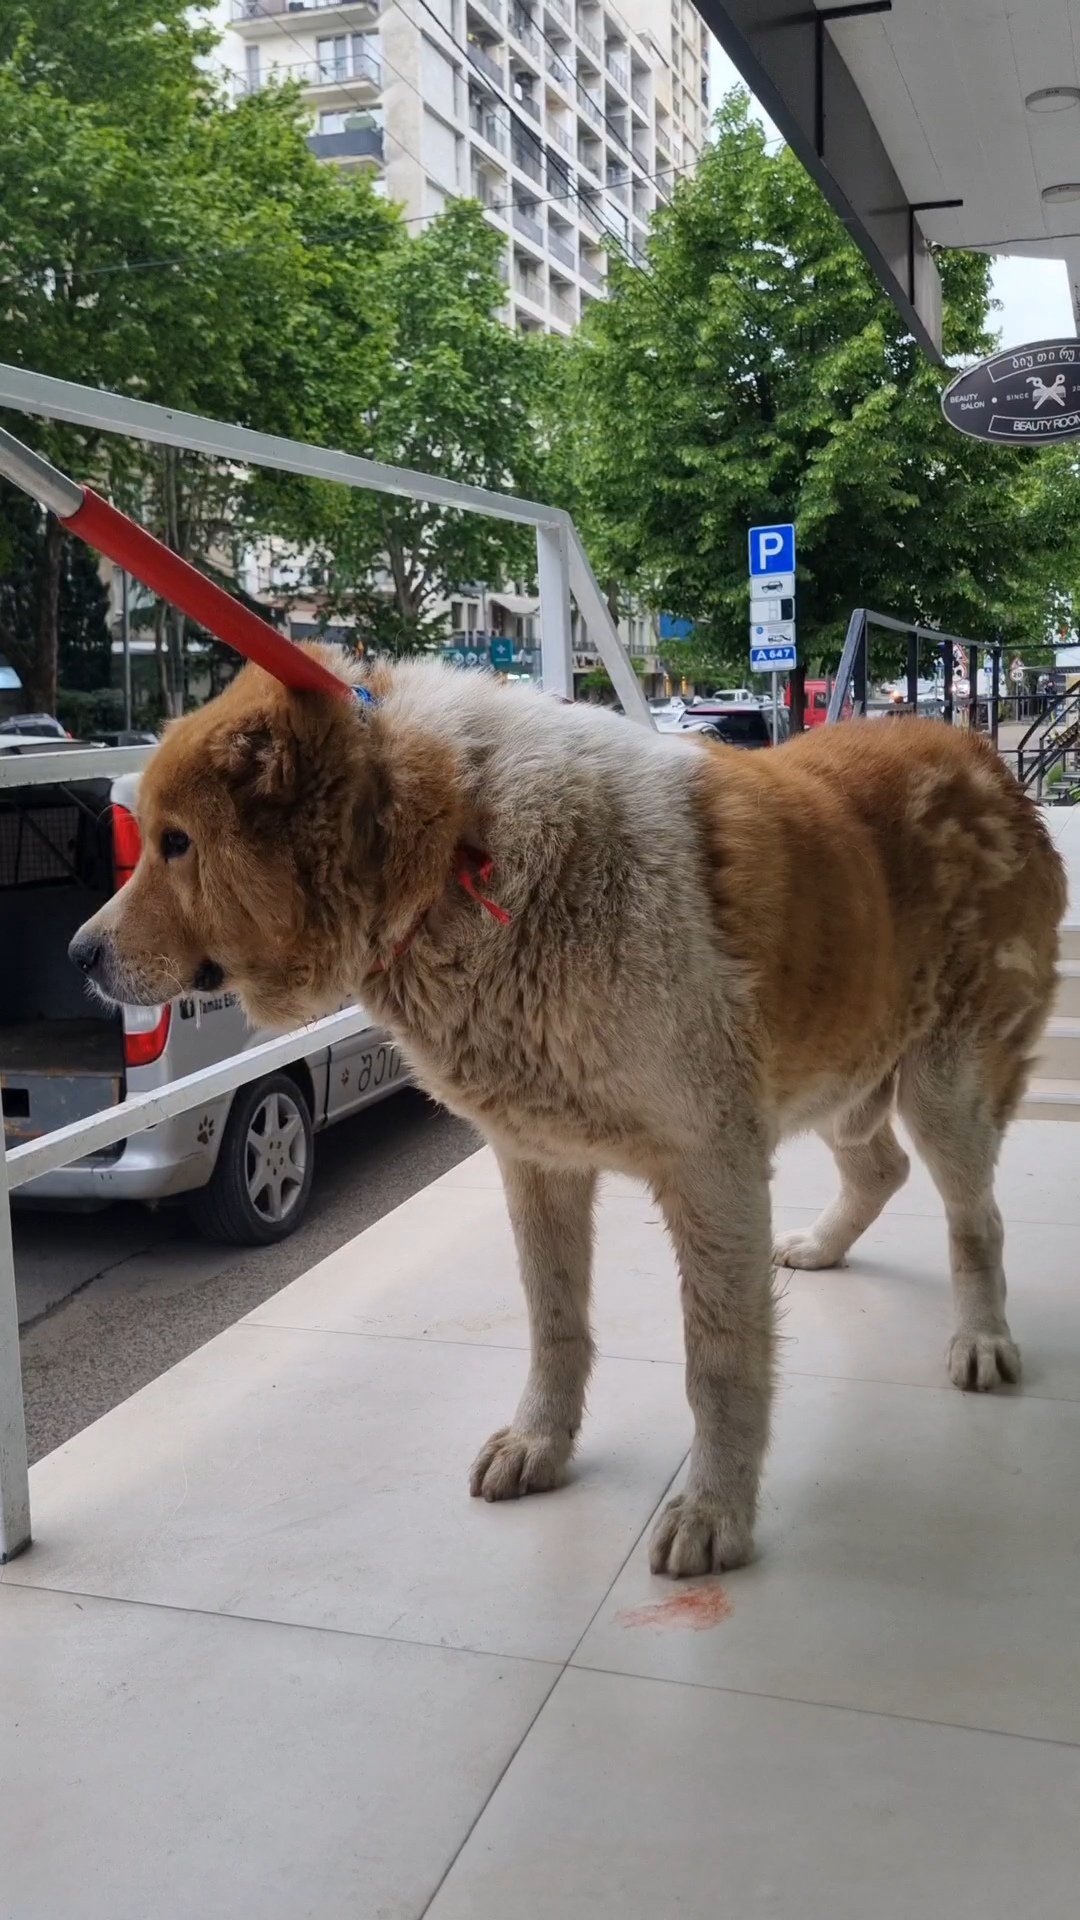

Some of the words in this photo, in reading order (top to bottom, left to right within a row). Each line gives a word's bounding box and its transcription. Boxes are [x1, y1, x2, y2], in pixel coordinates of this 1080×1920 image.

[950, 393, 979, 403] BEAUTY
[1006, 392, 1029, 401] SINCE
[960, 401, 985, 410] SALON
[1013, 419, 1053, 431] BEAUTY
[759, 532, 784, 570] P
[756, 650, 767, 661] A
[769, 649, 791, 658] 647

===

— What is being asked —
I would like the data copied exactly as it stands, with no pictures included.

— Solution to the problem —
Some of the words in this photo, in reading order (top to bottom, left to right within a row). Each line gives a word's bounding box and its transcription. Boxes are [x1, y1, x2, y2], in pixel coordinates of this 1080×1920 image.

[950, 393, 979, 403] BEAUTY
[1006, 392, 1029, 401] SINCE
[960, 401, 985, 410] SALON
[1013, 419, 1053, 431] BEAUTY
[759, 532, 784, 570] P
[756, 650, 767, 661] A
[769, 649, 791, 658] 647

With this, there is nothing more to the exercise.